Glomerular Filtration - The Kidney's Sieve
- Function: Ultrafiltration of blood to produce a protein-free filtrate. Normal GFR ≈ 125 mL/min or 180 L/day.
- Filtration Barrier (Size & Charge Selectivity):
- Fenestrated Capillary Endothelium: Blocks cells.
- Glomerular Basement Membrane (GBM): Fused basal laminae with negative charge (heparan sulfate) repels albumin.
- Podocyte Foot Processes: Slit diaphragms form the final barrier.
- Starling Forces: GFR is governed by hydrostatic and oncotic pressure gradients. $P_{GC}$ (Glomerular Capillary Hydrostatic Pressure) is the main driver.
⭐ Loss of the GBM's negative charge (e.g., Minimal Change Disease) causes selective albuminuria, even without major structural changes on light microscopy.
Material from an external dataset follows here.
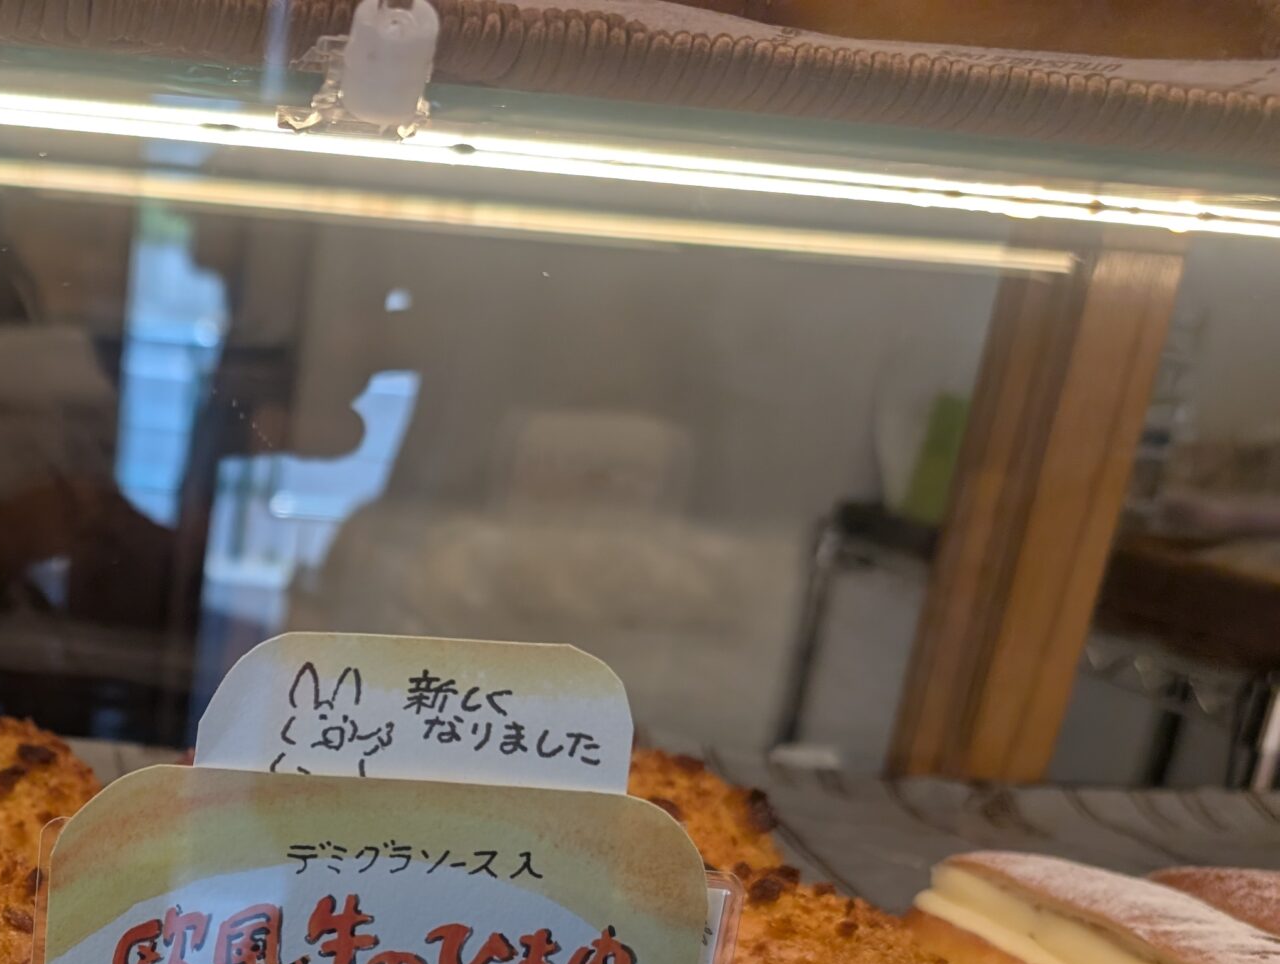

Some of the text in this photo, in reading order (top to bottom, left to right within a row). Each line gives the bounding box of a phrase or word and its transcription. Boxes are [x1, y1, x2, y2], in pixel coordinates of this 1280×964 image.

[404, 669, 513, 715] 新しく
[422, 715, 601, 767] なりました
[286, 841, 544, 881] デミグラソース入
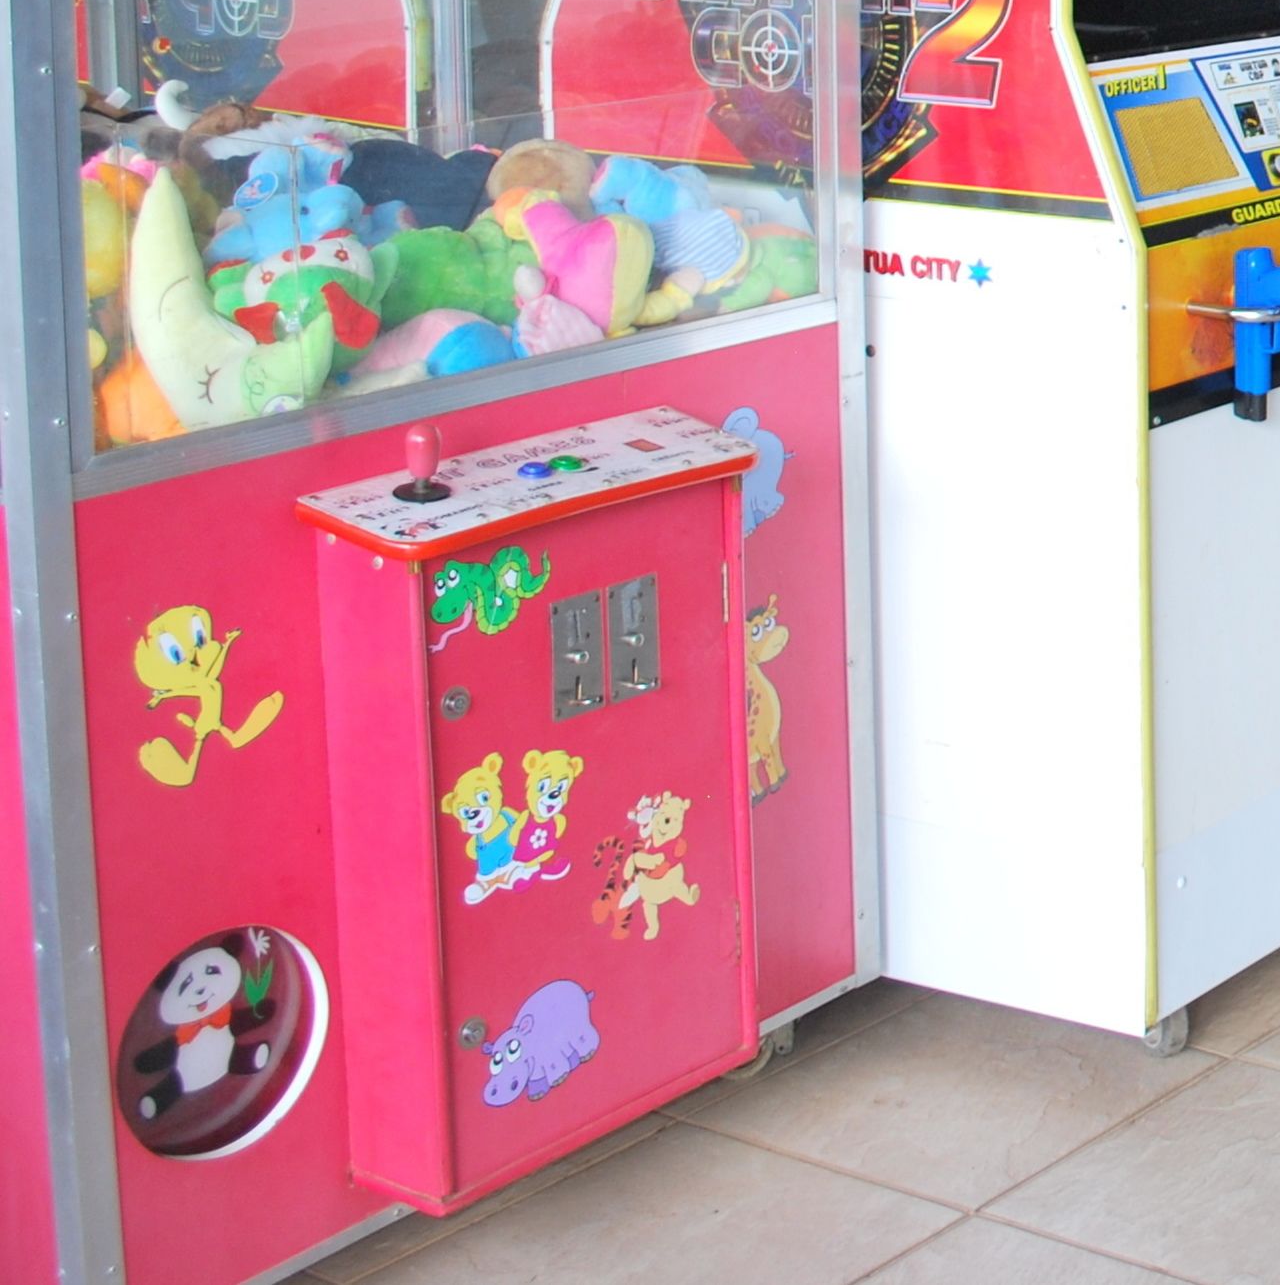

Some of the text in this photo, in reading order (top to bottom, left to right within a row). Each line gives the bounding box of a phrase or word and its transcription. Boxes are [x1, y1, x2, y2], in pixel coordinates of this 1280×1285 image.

Proximal Tubule - The Bulk Reabsorber
- Workhorse of the nephron; reabsorbs ~65-80% of filtered solutes and water.
- Fluid leaving is isotonic to plasma (~300 mOsm/L).
Key Functions:
- Reabsorption: All glucose & amino acids; most $Na^+$, $Cl^-$, $K^+$, $H_2O$, and $HCO_3^-$.
- $HCO_3^-$ reabsorption depends on carbonic anhydrase.
- Secretion: $H^+$, $NH_4^+$, organic acids (PAH, urate), and bases (creatinine).

⭐ High-Yield: Parathyroid hormone (PTH) inhibits the $Na^+/PO_4^{3-}$ cotransporter, causing phosphate excretion (phosphaturia). Carbonic anhydrase inhibitors (e.g., acetazolamide) act here, causing $HCO_3^-$ wasting.
Loop of Henle - Salty Medulla Maker
- Primary Function: Establishes a hypertonic medullary interstitium via countercurrent multiplication, crucial for concentrating urine.
- Descending Limb:
- Highly permeable to H₂O, impermeable to NaCl.
- H₂O passively flows out into the salty medulla.
- Tubular fluid osmolarity ↑.
- Ascending Limb:
- Impermeable to H₂O.
- Thin Ascending: Passive NaCl reabsorption.
- Thick Ascending Limb (TAL): Actively reabsorbs NaCl via the Na-K-2Cl (NKCC) cotransporter. This is the engine of the system.
- Tubular fluid becomes dilute (hypotonic).
- Vasa Recta: Countercurrent exchange prevents washout of the medullary gradient.

⭐ The Thick Ascending Limb's Na-K-2Cl (NKCC) cotransporter is the target for loop diuretics (e.g., Furosemide). Inhibition leads to potent diuresis by disrupting the medullary gradient.
Distal Nephron - Hormonal Fine-Tuning
The final, precise regulation of urine composition, primarily influenced by aldosterone and ADH to manage electrolyte and water balance.
-
Principal Cells: Major site of Na⁺/K⁺/H₂O regulation.
- Aldosterone: Binds mineralocorticoid receptor → upregulates basolateral Na⁺/K⁺-ATPase and apical channels (ENaC, ROMK) → ↑Na⁺ reabsorption, ↑K⁺ secretion.
- ADH (Vasopressin): Binds V2 receptor (Gs) → ↑cAMP → PKA activation → insertion of AQP2 channels into apical membrane → ↑H₂O reabsorption.
-
Intercalated Cells: Manage acid-base balance.
- α-cells: Secrete H⁺ via H⁺-ATPase.
- β-cells: Secrete HCO₃⁻.

⭐ K⁺-Sparing Diuretics: Amiloride and triamterene directly block the ENaC channel. Spironolactone and eplerenone are competitive aldosterone antagonists, preventing its nuclear action. Both mechanisms reduce Na⁺ reabsorption and K⁺ secretion.
High‑Yield Points - ⚡ Biggest Takeaways
- Aldosterone (acting on the DCT/CD) and ADH (acting on the CD) are the principal regulators of volume and osmolarity.
- The PCT is the bulk reabsorber: nearly all glucose/amino acids and ~65% of Na+ and H₂O.
- The Loop of Henle generates the medullary gradient via countercurrent multiplication, essential for concentrating urine.
- The DCT fine-tunes electrolytes: Aldosterone reabsorbs Na+, while PTH reabsorbs Ca²⁺.
- The Collecting Duct controls final urine concentration via ADH-regulated aquaporins.